Ambassador Peter Barlerin’s remarks at the July 4th Celebration

Hello everyone. Welcome to this year’s American Independence Day commemoration. I’m Peter Barlerin, U.S. Ambassador.

This year, like so many other diplomatic missions, we are doing a virtual celebration because of an unwelcome guest, COVID-19. If I were with you in person, I’d be wearing a mask, and maintaining two meters separation.

For the last few years, the focus of our work at the U.S. embassy has increasingly been on improving the health of every Cameroonian.

We applaud the government’s historic decision this year to eliminate fees for HIV/AIDS services. – That decision allowed more people to get tested and stay on treatment. Thanks to that decision, and pushed us to triple our assistance. Together, we will control this scourge.

Since 2018, we have saved hundreds of lives in the fight against malaria, particularly among pregnant women and children in the North and Far North Regions.

Concerning COVID-19, the unwelcome guest in any gathering, we are proud to see that the Public Health Emergency Operation Center, that we built here in Yaounde, has been used advisedly.

The U.S. Centers for Disease Control and Prevention, the U.S. Agency for International Development, and the Department of State have joined with others to help Cameroon fight this pandemic.

We are also proud to be a leader in helping refugees, internally displaced persons, and host communities.

In regards to the conflict in the Northwest and the Southwest, we hope the parties can come together soon to discuss a peaceable solution, because there is no military solution.

We imagine the day when the U.S. Peace Corps volunteers can return to the Northwest and Southwest, as well as to the North and Far North.

All this is possible if Cameroonians come together to find solutions.

Solutions often come from the younger generation. It has been inspiring to meet with U.S. exchange program participants like those benefiting from the Young African Leaders Initiative also known as YALI.

Many of you are aware that after nearly three years in Cameroon, my tenure as Ambassador ends later this month.

I want to thank everyone, starting with President Paul Biya. My gratitude is also extended to members of the government, starting with the Prime Minister, religious leaders, traditional chiefs, academia, members of the party leader and opposition party leaders, NGOs, and the press, for helping me to interpret the complexities of Cameroonian history and culture.

Much is made of the uniqueness of this country. It is true Cameroon is unique, but Cameroon shares many characteristics with other countries. We all have our weaknesses, we all have our deep scars, we all have our great strengths.

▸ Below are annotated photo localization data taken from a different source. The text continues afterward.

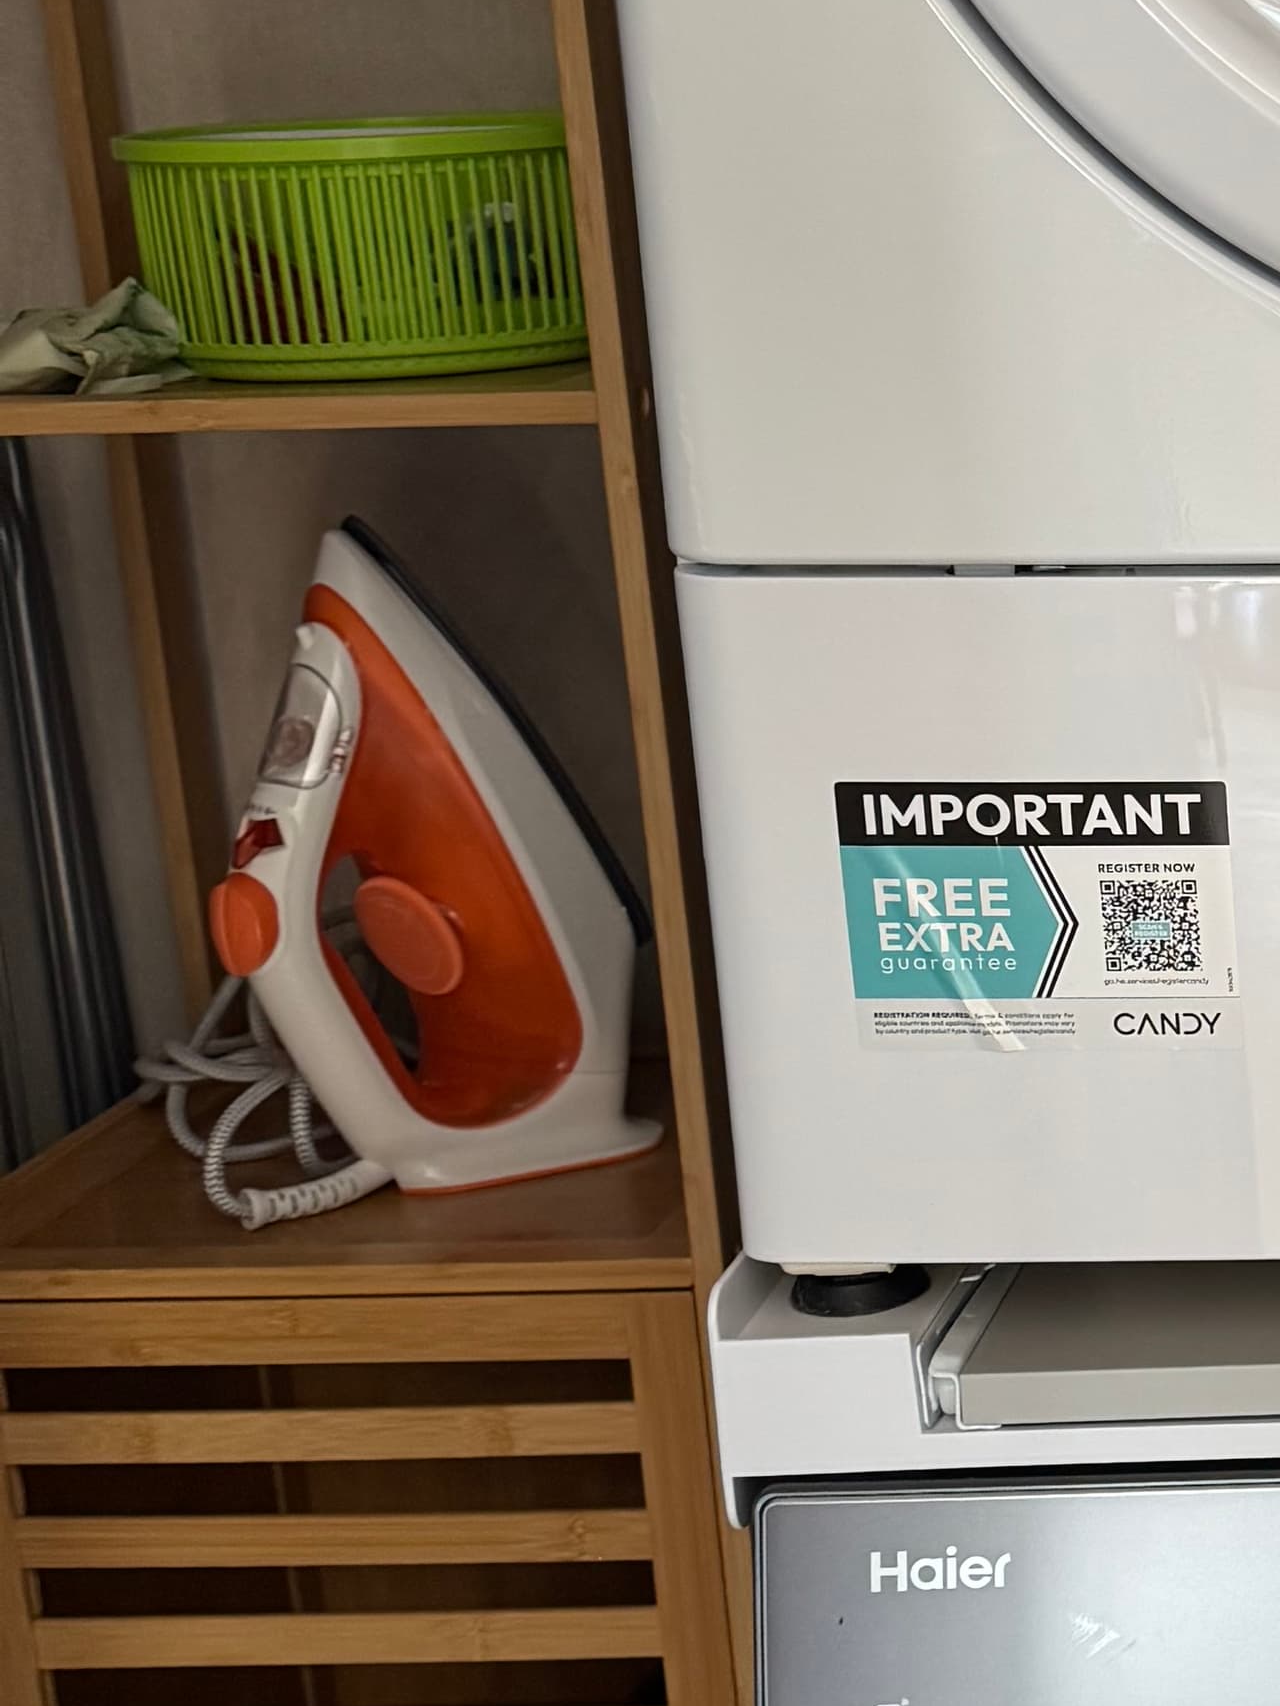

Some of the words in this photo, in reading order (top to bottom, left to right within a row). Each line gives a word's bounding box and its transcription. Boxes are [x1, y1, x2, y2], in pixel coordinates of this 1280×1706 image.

[862, 793, 1202, 837] IMPORTANT
[1098, 863, 1160, 874] REGISTER
[1163, 863, 1195, 873] NOW
[872, 878, 1011, 918] FREE
[879, 922, 1015, 952] EXTRA
[880, 953, 1018, 974] guarantee
[1113, 1012, 1222, 1036] CANDY
[869, 1545, 1012, 1593] Haier

I have the confidence that the Cameroonian people will resolve their differences peaceably, continue to develop, and come to flourish.

I would like to thank the deputy chief of mission, Vernelle Trim Fitzpatrick. She will have her work cut out for her, doing two jobs for a while, but i have confidence she will make the United States of America proud, as she always has as she always does.

to the rest of the American and Cameroonian staff: you have been fantastic to work with, and thank you for the confidence you have shown in me.

In bidding a fond farewell to beautiful, diverse Cameroon, I say to my fellow Americans – whether you are here in Yaounde or back in the United States for a while – I hope you continue working for the benefit of the people of Cameroon, and continue working to strengthen U.S. – Cameroonian relations.

A safe and a healthy Fourth of July to you all.